__REQUIREMENT__
This exercise calls for retyping every line below exactly, with the images omitted.

__RECORDED INFORMATION__
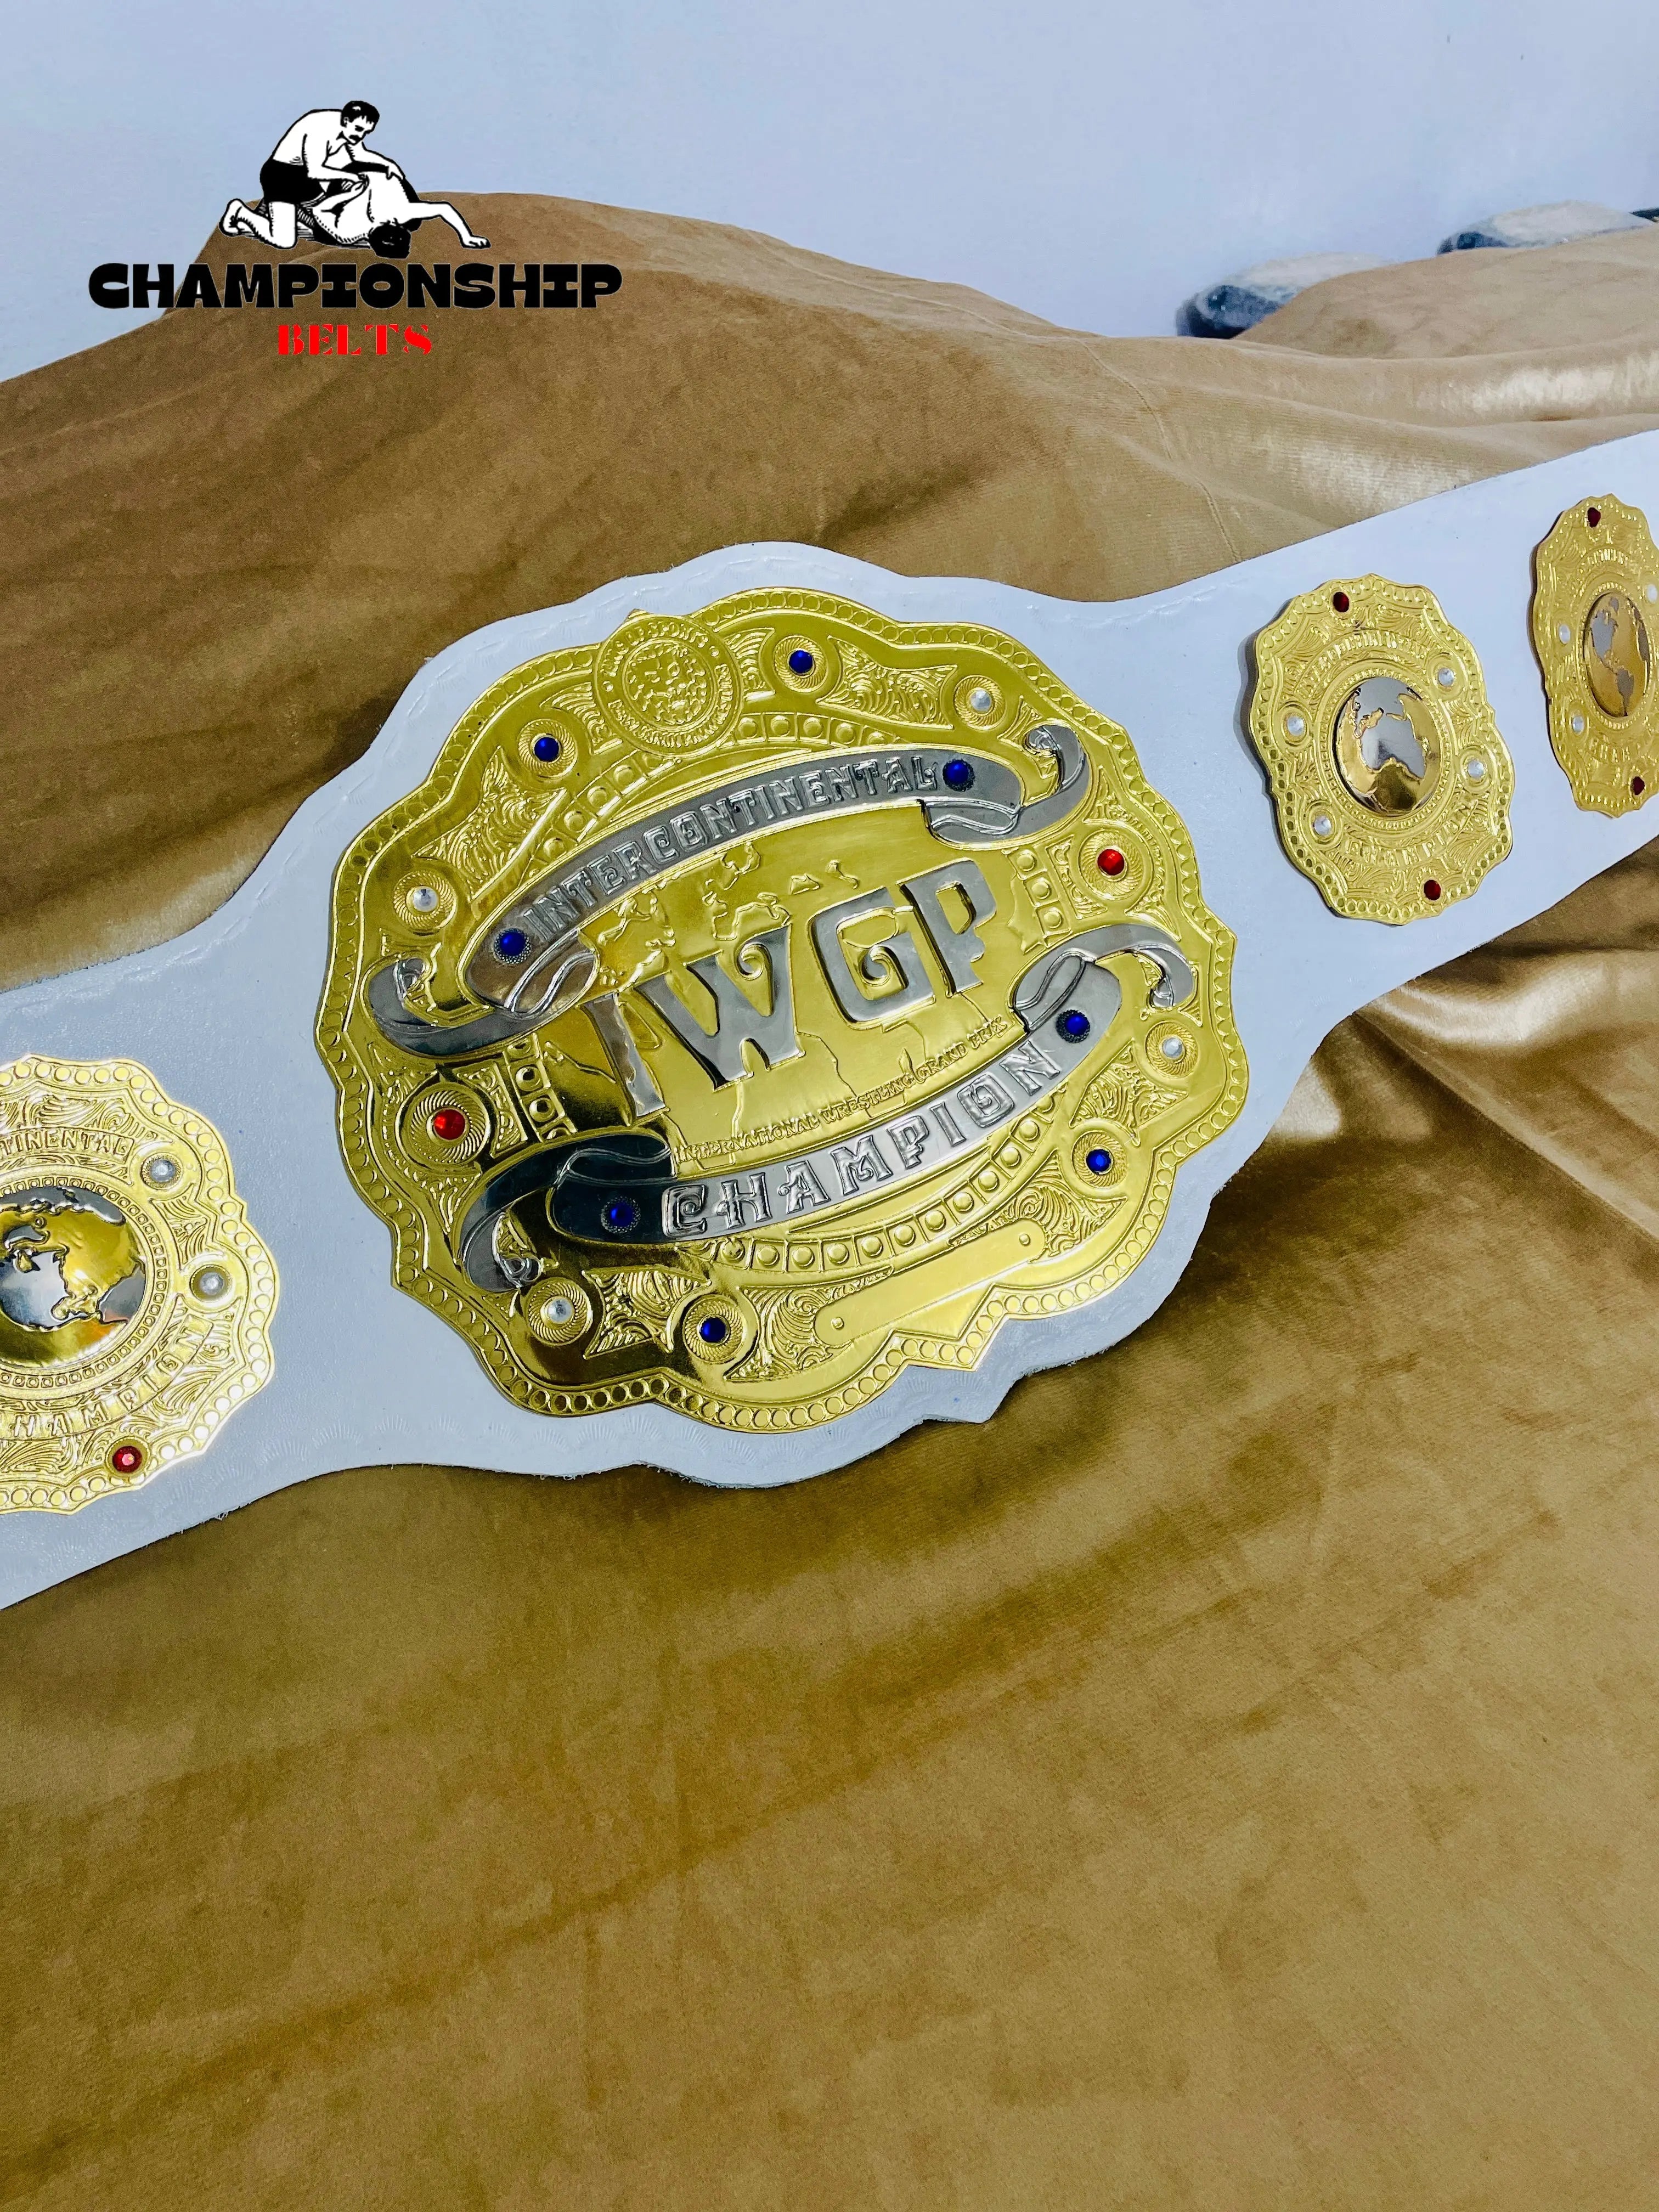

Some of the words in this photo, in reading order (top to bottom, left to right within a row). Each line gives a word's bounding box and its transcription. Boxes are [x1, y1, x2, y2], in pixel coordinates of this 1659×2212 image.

[523, 755, 939, 940] INTERCONTINENTAL
[578, 857, 997, 1119] IWGP
[661, 1041, 1062, 1238] CHAMPION
[674, 1111, 820, 1164] INTERNATIONAL
[817, 1072, 916, 1124] WRESTLING
[916, 1041, 969, 1082] GRAND

__TASK OUTPUT__
Some of the words in this photo, in reading order (top to bottom, left to right within a row). Each line gives a word's bounding box and its transcription. Boxes are [x1, y1, x2, y2], in pixel coordinates of this 1659×2212 image.

[523, 755, 939, 940] INTERCONTINENTAL
[578, 857, 997, 1119] IWGP
[661, 1041, 1062, 1238] CHAMPION
[674, 1111, 820, 1164] INTERNATIONAL
[817, 1072, 916, 1124] WRESTLING
[916, 1041, 969, 1082] GRAND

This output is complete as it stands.